■ Exercise brief ■
Verbatim copy without images: return all of the data as it stands.

■ Supplied records ■
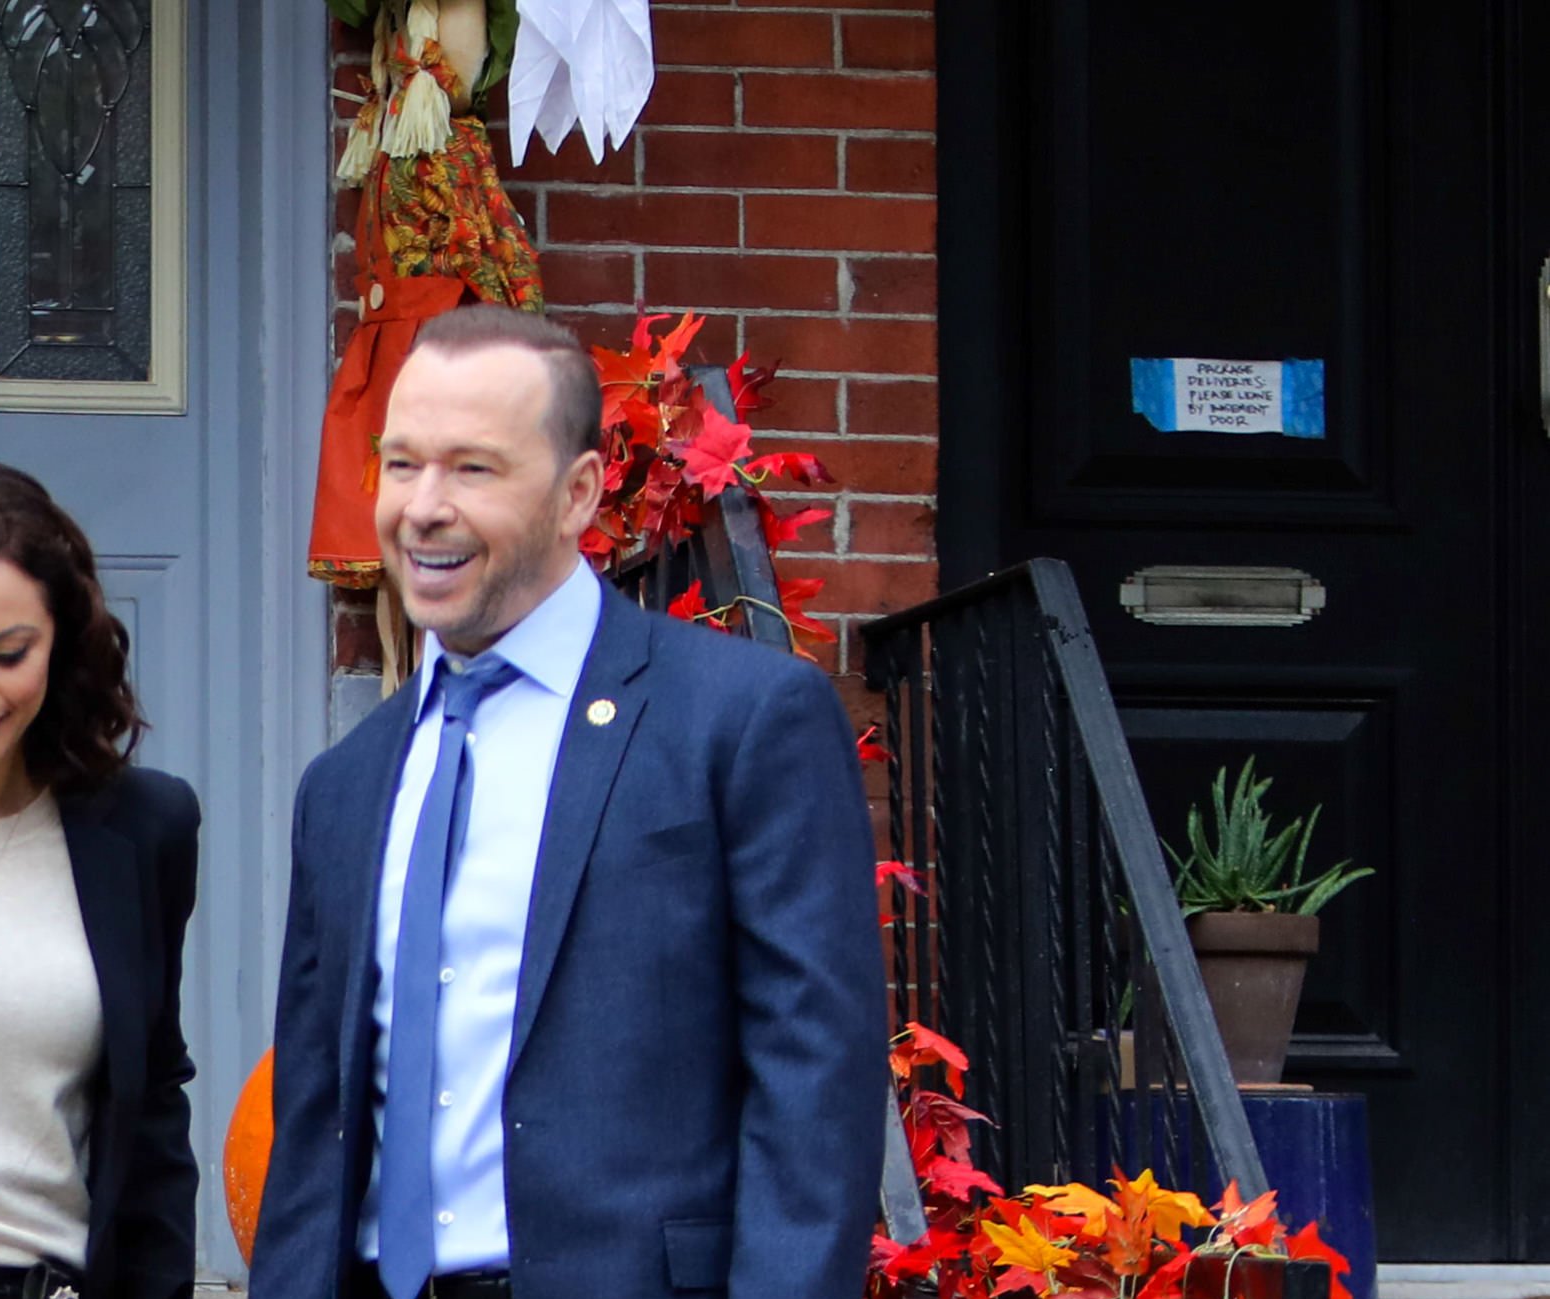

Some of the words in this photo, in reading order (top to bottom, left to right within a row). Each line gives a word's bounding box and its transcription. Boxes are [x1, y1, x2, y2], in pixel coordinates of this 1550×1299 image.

[1197, 363, 1254, 375] PACKAGE
[1189, 390, 1233, 402] PLEASE
[1238, 391, 1273, 401] LEAVE
[1188, 404, 1204, 415] BY
[1209, 415, 1249, 426] DOOR
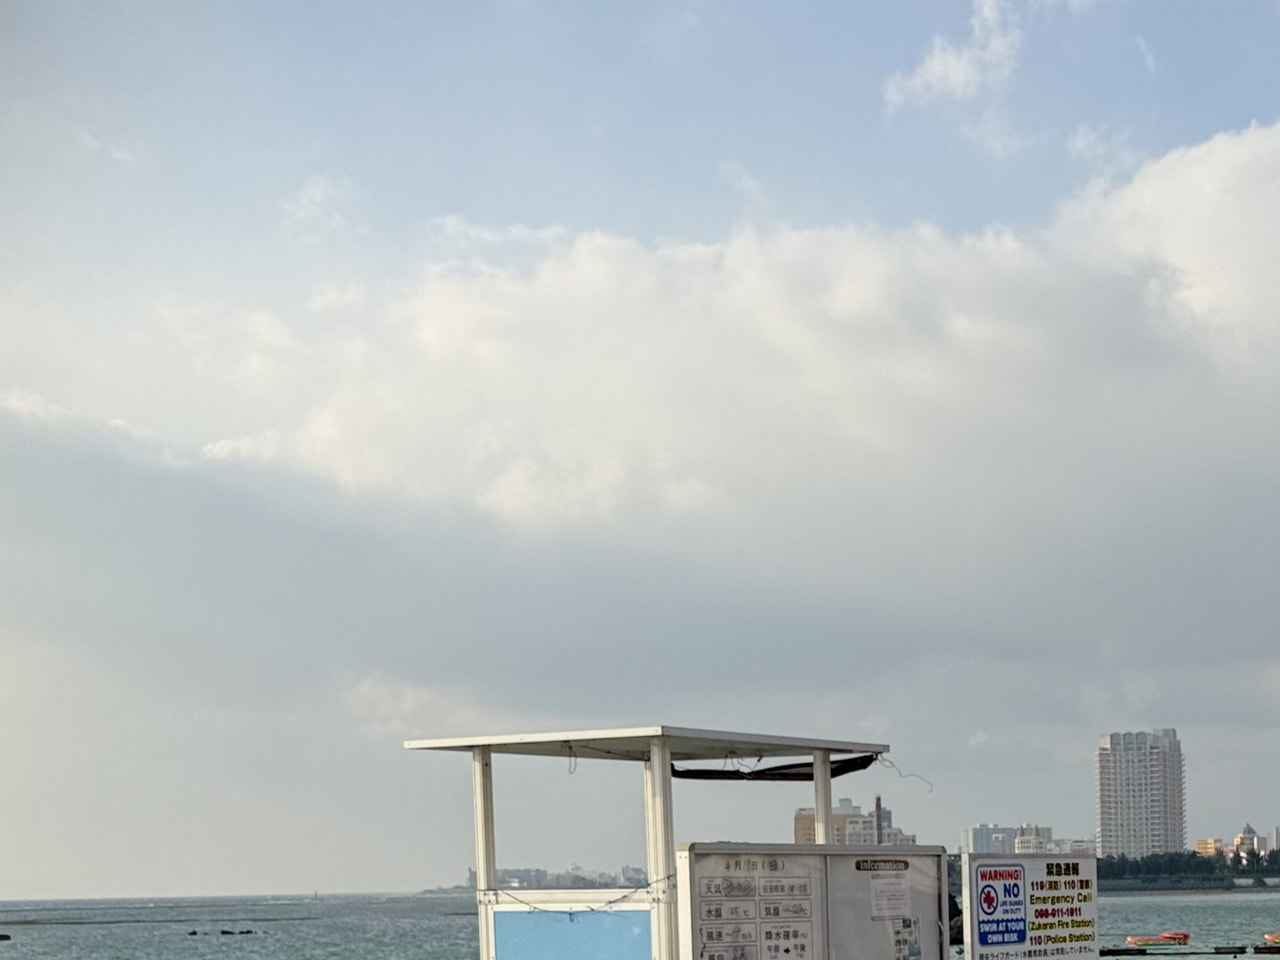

■ Your response ■
Some of the words in this photo, in reading order (top to bottom, left to right within a row). Each line gives a word's bounding box and its transcription. Boxes are [x1, y1, x2, y2], in pixel coordinates of this 1550×1299 image.

[1197, 363, 1254, 375] PACKAGE
[1189, 390, 1233, 402] PLEASE
[1238, 391, 1273, 401] LEAVE
[1188, 404, 1204, 415] BY
[1209, 415, 1249, 426] DOOR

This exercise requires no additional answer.